### Exercise instructions
Only an exact repetition of the entries counts as an answer.

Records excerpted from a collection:
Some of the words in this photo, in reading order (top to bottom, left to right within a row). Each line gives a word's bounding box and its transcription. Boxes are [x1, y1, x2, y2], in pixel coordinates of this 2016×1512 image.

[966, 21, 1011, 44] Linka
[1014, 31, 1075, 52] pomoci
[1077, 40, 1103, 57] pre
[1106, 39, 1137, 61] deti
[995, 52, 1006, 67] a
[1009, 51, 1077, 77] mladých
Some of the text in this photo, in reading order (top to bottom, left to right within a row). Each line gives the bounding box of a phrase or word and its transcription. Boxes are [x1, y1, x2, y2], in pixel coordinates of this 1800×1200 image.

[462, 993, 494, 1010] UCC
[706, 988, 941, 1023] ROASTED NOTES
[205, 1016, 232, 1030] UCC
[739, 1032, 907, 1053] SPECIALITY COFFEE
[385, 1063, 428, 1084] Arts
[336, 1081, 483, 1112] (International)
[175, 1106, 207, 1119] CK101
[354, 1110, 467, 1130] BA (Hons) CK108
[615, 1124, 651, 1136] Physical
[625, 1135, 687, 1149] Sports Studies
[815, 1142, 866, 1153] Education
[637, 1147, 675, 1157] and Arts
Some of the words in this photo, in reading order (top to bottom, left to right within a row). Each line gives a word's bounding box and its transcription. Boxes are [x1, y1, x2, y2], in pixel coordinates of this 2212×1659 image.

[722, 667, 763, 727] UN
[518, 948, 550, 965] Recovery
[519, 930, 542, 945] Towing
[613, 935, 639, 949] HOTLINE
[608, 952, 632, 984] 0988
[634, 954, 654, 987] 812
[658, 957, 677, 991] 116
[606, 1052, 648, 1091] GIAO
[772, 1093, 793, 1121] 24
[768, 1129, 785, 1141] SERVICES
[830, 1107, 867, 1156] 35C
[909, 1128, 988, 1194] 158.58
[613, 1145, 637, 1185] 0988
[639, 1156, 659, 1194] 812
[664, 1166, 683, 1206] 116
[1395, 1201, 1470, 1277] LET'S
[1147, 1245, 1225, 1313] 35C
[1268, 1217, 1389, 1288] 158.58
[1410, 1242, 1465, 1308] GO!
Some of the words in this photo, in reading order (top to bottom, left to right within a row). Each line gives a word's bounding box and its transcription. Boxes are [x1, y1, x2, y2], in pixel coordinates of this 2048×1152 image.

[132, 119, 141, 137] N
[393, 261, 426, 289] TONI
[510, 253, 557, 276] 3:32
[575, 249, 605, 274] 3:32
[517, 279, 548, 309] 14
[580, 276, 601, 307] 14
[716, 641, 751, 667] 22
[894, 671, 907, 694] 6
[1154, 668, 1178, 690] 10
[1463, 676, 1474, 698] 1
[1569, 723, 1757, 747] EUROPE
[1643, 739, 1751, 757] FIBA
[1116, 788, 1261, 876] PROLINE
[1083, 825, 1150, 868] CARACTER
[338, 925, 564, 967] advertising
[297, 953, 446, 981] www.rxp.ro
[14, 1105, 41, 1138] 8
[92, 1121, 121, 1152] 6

### Response box
Some of the words in this photo, in reading order (top to bottom, left to right within a row). Each line gives a word's bounding box and its transcription. Boxes are [x1, y1, x2, y2], in pixel coordinates of this 2016×1512 image.

[966, 21, 1011, 44] Linka
[1014, 31, 1075, 52] pomoci
[1077, 40, 1103, 57] pre
[1106, 39, 1137, 61] deti
[995, 52, 1006, 67] a
[1009, 51, 1077, 77] mladých
Some of the text in this photo, in reading order (top to bottom, left to right within a row). Each line gives the bounding box of a phrase or word and its transcription. Boxes are [x1, y1, x2, y2], in pixel coordinates of this 1800×1200 image.

[462, 993, 494, 1010] UCC
[706, 988, 941, 1023] ROASTED NOTES
[205, 1016, 232, 1030] UCC
[739, 1032, 907, 1053] SPECIALITY COFFEE
[385, 1063, 428, 1084] Arts
[336, 1081, 483, 1112] (International)
[175, 1106, 207, 1119] CK101
[354, 1110, 467, 1130] BA (Hons) CK108
[615, 1124, 651, 1136] Physical
[625, 1135, 687, 1149] Sports Studies
[815, 1142, 866, 1153] Education
[637, 1147, 675, 1157] and Arts
Some of the words in this photo, in reading order (top to bottom, left to right within a row). Each line gives a word's bounding box and its transcription. Boxes are [x1, y1, x2, y2], in pixel coordinates of this 2212×1659 image.

[722, 667, 763, 727] UN
[518, 948, 550, 965] Recovery
[519, 930, 542, 945] Towing
[613, 935, 639, 949] HOTLINE
[608, 952, 632, 984] 0988
[634, 954, 654, 987] 812
[658, 957, 677, 991] 116
[606, 1052, 648, 1091] GIAO
[772, 1093, 793, 1121] 24
[768, 1129, 785, 1141] SERVICES
[830, 1107, 867, 1156] 35C
[909, 1128, 988, 1194] 158.58
[613, 1145, 637, 1185] 0988
[639, 1156, 659, 1194] 812
[664, 1166, 683, 1206] 116
[1395, 1201, 1470, 1277] LET'S
[1147, 1245, 1225, 1313] 35C
[1268, 1217, 1389, 1288] 158.58
[1410, 1242, 1465, 1308] GO!
Some of the words in this photo, in reading order (top to bottom, left to right within a row). Each line gives a word's bounding box and its transcription. Boxes are [x1, y1, x2, y2], in pixel coordinates of this 2048×1152 image.

[132, 119, 141, 137] N
[393, 261, 426, 289] TONI
[510, 253, 557, 276] 3:32
[575, 249, 605, 274] 3:32
[517, 279, 548, 309] 14
[580, 276, 601, 307] 14
[716, 641, 751, 667] 22
[894, 671, 907, 694] 6
[1154, 668, 1178, 690] 10
[1463, 676, 1474, 698] 1
[1569, 723, 1757, 747] EUROPE
[1643, 739, 1751, 757] FIBA
[1116, 788, 1261, 876] PROLINE
[1083, 825, 1150, 868] CARACTER
[338, 925, 564, 967] advertising
[297, 953, 446, 981] www.rxp.ro
[14, 1105, 41, 1138] 8
[92, 1121, 121, 1152] 6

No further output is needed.